**Work instruction**
The lines from the one containing "this 1270×953 image." through the end of the entries are what to output; reproduce them exactly and add nothing.

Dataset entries
# # # # #

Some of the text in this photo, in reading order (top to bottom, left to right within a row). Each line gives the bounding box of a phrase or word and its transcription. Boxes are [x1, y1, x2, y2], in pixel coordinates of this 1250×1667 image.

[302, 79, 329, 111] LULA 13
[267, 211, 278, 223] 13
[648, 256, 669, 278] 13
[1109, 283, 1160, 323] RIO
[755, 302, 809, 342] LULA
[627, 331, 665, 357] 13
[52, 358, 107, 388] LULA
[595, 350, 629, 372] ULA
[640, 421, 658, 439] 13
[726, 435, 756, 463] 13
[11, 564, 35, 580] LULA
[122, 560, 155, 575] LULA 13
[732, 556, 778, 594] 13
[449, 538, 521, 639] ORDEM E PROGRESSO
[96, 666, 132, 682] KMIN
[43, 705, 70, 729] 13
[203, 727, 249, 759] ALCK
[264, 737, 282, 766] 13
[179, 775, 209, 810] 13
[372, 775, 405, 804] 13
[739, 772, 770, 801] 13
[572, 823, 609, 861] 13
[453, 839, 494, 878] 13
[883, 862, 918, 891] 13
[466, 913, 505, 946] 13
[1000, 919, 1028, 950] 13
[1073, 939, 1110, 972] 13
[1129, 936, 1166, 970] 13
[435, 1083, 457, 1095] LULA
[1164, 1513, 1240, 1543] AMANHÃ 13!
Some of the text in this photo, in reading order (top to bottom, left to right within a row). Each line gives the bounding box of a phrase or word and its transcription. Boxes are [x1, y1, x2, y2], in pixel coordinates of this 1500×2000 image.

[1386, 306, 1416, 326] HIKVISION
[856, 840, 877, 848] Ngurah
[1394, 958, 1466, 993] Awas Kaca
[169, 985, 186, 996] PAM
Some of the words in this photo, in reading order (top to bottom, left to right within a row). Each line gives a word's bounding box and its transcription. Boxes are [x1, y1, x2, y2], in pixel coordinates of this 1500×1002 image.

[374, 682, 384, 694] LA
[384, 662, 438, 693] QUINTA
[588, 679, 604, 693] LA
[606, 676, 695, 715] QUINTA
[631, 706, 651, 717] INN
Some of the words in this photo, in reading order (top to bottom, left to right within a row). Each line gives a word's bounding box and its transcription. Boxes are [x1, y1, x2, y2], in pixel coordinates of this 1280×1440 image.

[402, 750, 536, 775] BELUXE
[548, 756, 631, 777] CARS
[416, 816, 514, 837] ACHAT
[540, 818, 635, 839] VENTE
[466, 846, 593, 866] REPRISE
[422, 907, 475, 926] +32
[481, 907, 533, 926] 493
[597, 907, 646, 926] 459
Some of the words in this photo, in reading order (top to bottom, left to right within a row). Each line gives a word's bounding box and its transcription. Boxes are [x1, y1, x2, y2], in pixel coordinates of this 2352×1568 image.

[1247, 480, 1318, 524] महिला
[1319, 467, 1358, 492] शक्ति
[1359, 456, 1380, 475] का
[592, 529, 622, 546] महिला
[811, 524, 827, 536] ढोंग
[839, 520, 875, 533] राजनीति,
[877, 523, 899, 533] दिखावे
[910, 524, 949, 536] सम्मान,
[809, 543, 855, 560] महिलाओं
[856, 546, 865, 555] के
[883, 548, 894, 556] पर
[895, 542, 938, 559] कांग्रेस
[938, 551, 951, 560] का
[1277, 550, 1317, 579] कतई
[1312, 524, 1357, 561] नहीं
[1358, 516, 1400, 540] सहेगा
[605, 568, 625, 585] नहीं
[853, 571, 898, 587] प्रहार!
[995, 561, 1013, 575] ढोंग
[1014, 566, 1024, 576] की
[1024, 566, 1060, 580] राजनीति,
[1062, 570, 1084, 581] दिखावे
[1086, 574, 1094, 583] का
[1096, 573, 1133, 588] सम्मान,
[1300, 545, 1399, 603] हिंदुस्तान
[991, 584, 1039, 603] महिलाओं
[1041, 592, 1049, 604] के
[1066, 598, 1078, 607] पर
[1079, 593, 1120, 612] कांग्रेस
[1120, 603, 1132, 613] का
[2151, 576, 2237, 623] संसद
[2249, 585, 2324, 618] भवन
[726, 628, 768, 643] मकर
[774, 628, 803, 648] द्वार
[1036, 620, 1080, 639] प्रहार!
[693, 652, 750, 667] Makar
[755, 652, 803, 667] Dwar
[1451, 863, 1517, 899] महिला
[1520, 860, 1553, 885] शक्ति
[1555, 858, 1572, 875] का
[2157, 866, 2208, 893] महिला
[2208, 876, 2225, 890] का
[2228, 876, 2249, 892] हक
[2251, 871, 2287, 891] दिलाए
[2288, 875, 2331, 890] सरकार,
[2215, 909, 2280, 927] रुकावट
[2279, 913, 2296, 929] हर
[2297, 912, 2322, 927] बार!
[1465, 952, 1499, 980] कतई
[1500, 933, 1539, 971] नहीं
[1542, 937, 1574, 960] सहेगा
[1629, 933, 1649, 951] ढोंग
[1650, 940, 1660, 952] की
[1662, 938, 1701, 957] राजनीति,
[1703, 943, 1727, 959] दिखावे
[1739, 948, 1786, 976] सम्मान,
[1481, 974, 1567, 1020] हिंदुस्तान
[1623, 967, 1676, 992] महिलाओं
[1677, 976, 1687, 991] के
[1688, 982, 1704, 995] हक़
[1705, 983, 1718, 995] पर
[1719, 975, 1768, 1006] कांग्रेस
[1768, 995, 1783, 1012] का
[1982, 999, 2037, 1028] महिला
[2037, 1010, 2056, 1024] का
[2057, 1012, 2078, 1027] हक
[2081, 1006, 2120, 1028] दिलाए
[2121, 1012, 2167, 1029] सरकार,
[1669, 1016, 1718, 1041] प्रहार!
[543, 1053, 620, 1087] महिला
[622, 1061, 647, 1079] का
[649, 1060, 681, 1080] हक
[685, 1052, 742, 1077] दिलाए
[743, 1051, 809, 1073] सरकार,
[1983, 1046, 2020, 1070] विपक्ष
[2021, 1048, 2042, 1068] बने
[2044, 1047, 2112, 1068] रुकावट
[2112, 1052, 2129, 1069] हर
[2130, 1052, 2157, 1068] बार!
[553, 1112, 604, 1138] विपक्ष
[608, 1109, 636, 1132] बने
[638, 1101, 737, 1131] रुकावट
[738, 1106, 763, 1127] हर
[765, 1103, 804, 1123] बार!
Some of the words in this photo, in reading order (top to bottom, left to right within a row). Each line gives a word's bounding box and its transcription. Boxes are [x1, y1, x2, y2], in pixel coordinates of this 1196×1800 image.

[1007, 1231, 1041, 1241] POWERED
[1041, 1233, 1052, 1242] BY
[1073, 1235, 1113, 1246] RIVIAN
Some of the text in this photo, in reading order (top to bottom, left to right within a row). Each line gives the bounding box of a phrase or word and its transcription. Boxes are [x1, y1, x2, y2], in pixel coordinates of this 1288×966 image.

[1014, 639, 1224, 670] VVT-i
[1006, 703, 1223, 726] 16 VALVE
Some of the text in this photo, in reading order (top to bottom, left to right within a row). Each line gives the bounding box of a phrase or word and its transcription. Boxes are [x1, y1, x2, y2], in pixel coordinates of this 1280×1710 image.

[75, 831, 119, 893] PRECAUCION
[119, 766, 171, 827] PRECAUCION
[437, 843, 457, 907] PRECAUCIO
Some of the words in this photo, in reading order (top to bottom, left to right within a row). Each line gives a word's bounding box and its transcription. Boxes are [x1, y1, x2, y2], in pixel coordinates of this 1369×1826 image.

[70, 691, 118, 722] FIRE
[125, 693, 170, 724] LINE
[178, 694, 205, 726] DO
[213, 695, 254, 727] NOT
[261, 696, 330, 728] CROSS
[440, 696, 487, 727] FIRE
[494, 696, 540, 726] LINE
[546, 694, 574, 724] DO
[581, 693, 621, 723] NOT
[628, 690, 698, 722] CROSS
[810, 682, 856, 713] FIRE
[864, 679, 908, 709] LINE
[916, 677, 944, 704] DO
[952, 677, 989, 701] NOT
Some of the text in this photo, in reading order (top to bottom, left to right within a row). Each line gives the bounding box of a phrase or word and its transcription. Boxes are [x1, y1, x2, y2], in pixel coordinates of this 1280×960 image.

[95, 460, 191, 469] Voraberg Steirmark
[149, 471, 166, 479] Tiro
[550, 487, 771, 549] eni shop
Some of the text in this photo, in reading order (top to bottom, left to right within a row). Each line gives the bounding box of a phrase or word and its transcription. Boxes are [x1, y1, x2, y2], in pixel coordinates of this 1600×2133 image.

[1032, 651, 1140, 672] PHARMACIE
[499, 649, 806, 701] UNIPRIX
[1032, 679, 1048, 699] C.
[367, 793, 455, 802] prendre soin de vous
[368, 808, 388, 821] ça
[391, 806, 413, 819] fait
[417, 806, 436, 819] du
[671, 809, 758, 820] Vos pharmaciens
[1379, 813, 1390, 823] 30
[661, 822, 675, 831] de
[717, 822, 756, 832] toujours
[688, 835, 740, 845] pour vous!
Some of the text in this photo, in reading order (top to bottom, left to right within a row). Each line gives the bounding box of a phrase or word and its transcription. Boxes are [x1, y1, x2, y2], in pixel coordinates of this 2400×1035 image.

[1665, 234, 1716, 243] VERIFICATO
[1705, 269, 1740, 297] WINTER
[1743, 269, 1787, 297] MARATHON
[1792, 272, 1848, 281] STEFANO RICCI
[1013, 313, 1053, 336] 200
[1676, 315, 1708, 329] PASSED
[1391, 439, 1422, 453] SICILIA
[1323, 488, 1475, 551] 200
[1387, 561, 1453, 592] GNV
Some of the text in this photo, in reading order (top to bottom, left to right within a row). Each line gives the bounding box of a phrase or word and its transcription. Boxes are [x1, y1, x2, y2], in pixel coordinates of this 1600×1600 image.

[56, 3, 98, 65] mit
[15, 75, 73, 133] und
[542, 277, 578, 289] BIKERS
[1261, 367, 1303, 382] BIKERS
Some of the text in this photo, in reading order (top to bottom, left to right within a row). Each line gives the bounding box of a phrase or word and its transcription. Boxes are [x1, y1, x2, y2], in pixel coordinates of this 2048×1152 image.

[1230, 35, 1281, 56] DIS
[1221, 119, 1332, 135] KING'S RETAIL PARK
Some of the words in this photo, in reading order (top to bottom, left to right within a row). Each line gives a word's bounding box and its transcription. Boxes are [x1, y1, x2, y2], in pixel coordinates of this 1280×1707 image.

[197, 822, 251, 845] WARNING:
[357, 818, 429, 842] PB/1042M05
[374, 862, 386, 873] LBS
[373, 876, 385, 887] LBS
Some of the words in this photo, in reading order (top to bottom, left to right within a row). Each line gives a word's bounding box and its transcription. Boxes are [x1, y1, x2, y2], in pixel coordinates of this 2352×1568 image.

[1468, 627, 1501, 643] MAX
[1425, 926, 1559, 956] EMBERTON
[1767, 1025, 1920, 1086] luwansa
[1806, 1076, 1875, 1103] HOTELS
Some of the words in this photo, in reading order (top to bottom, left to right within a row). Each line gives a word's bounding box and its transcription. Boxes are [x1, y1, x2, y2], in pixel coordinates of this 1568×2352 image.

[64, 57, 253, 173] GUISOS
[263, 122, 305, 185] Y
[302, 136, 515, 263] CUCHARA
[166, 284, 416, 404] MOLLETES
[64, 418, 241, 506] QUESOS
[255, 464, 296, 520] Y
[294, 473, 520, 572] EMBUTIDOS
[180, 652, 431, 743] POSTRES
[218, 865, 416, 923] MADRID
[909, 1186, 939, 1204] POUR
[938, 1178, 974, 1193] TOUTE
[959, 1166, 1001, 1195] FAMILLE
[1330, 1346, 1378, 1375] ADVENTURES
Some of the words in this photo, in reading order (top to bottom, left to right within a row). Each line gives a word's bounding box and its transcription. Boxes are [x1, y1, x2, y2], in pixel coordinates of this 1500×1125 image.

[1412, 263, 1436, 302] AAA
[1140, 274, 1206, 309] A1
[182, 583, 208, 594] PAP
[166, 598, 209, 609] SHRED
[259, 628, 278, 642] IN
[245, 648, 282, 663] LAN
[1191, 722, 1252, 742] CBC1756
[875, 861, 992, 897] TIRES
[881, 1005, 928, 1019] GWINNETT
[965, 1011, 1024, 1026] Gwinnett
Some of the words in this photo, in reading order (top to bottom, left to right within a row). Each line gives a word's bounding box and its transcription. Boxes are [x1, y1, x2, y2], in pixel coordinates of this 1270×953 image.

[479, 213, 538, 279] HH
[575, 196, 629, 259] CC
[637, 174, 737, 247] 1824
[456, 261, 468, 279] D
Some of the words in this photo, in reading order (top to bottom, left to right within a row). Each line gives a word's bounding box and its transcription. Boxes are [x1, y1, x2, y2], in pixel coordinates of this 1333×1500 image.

# # # # #

**Your solution**
Some of the words in this photo, in reading order (top to bottom, left to right within a row). Each line gives a word's bounding box and its transcription. Boxes are [x1, y1, x2, y2], in pixel coordinates of this 1270×953 image.

[479, 213, 538, 279] HH
[575, 196, 629, 259] CC
[637, 174, 737, 247] 1824
[456, 261, 468, 279] D
Some of the words in this photo, in reading order (top to bottom, left to right within a row). Each line gives a word's bounding box and its transcription. Boxes are [x1, y1, x2, y2], in pixel coordinates of this 1333×1500 image.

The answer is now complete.